Wang Wook - Kang Ha Neul

  Çok kötü insanları ne kadar az seversem fazla iyi insanları da nedense hep bir parça samimiyetsiz bulmuşumdur. 8.prens Wang Wook'un hangi tarafta bulunduğunu izleyip görün ama en başından beri hoşlanamadığım bir karakter olduğunu da bilin isterim.Adam ağzıyla kuş tutsa da dizi boyunca bana yaranamadı. Bana göre Hae Soo' yu yanlış yerde yanlış bir zamanlamayla sevdi. Hae Soo da bu prensi biraz daha sevmeye devam etseydi ekrana yumruk atabilirdim. Bir ara acaba dizinin başrolü 4.prens değil de 8.prens mi diye düşünmedim değil. Neyse ki korktuğum başıma gelmedi. 8.prens biraz gizemli. Gizemli görünmeyip de gizemli olan birisi demek daha doğru olur. Şurada öyle şeyler söylerdim ki ama diziyi henüz izlemeyen bir kitleye saygısızlık etmek istemiyorum. 

  Aslına bakarsanız hakkında bir şeyler yazmak istediğim çok fazla karakter var. Ancak zaten yazım yeteri kadar uzun olacak daha fazla uzatıp sizi sıkmak istemiyorum.

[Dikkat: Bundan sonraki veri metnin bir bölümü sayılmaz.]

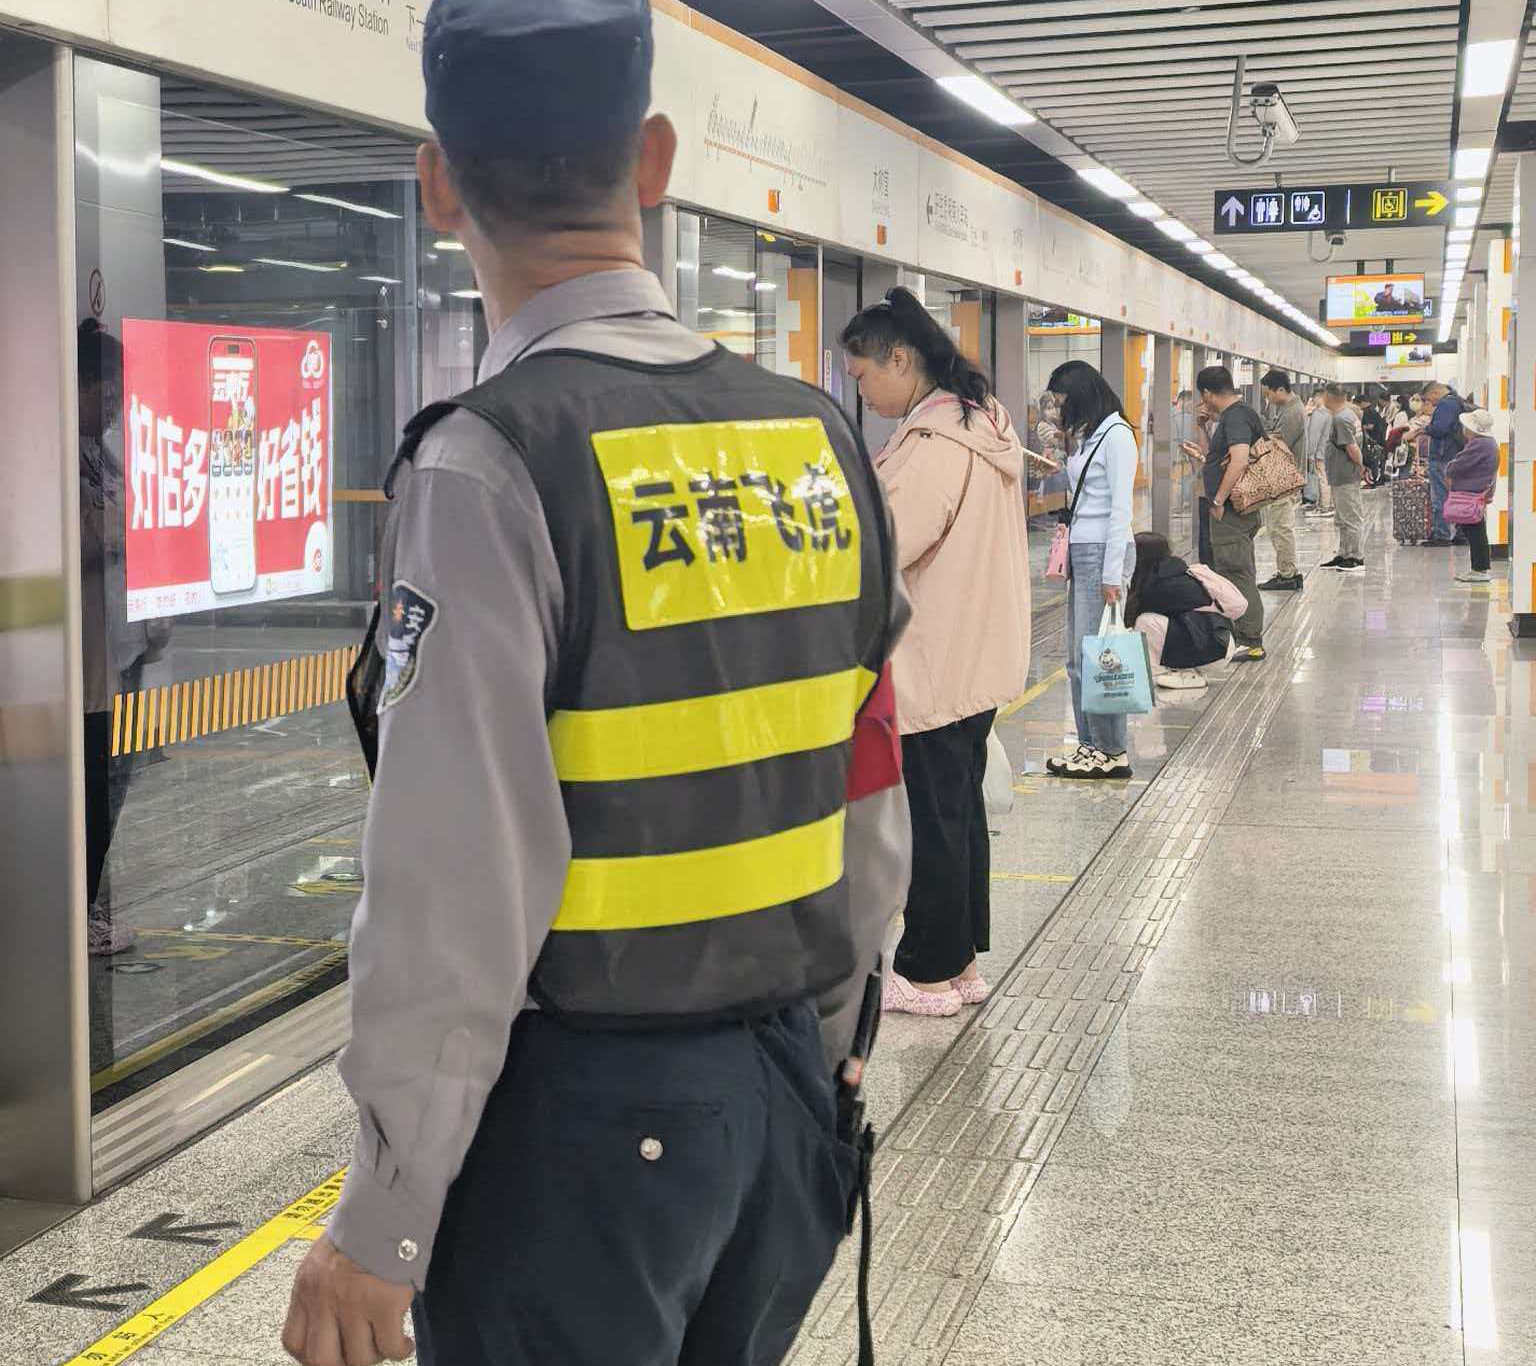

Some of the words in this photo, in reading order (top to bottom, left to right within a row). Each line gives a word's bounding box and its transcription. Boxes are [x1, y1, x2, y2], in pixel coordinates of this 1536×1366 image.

[358, 4, 390, 36] Station
[257, 397, 322, 522] 好省钱

  Önemli Uyarı: Arkadaşlar yazımın buradan sonrasında çok fazla spoiler olacak. Eğer diziyi henüz bitirmemiş ya da başlamamış olanlar varsa lütfen okumasın. Benden uyarması...

En Etkilendiğim Sahneler

1. Dizinin dönüm noktası denilebilecek bir sahneyle başlamak istiyorum. Ülkede kuraklık baş gösterince yağmur ayini düzenlenecekti ve bu ayini Wang So yüzündeki maskeyle yapınca halk neredeyse prensi linç edecekti. Böyle insan dışı bir tepkiyle karşılaşan Wang So çok üzülmüştü. Hae Soo gelecekten geldiği için kendine ait bir takım bilgilerle makyaj yaparak Wang So'nun yara izini kapatmış ve onu artık maske takmaktan kurtarmıştı. Tekrar ayini yöneten Wang So tam töreni bitirirken yağmur yağmaya başlamıştı. Onu küçümseyen herkes çok büyük bir darbe yemişti ve ben de ekran başında zevkten dört köşe olmuştum.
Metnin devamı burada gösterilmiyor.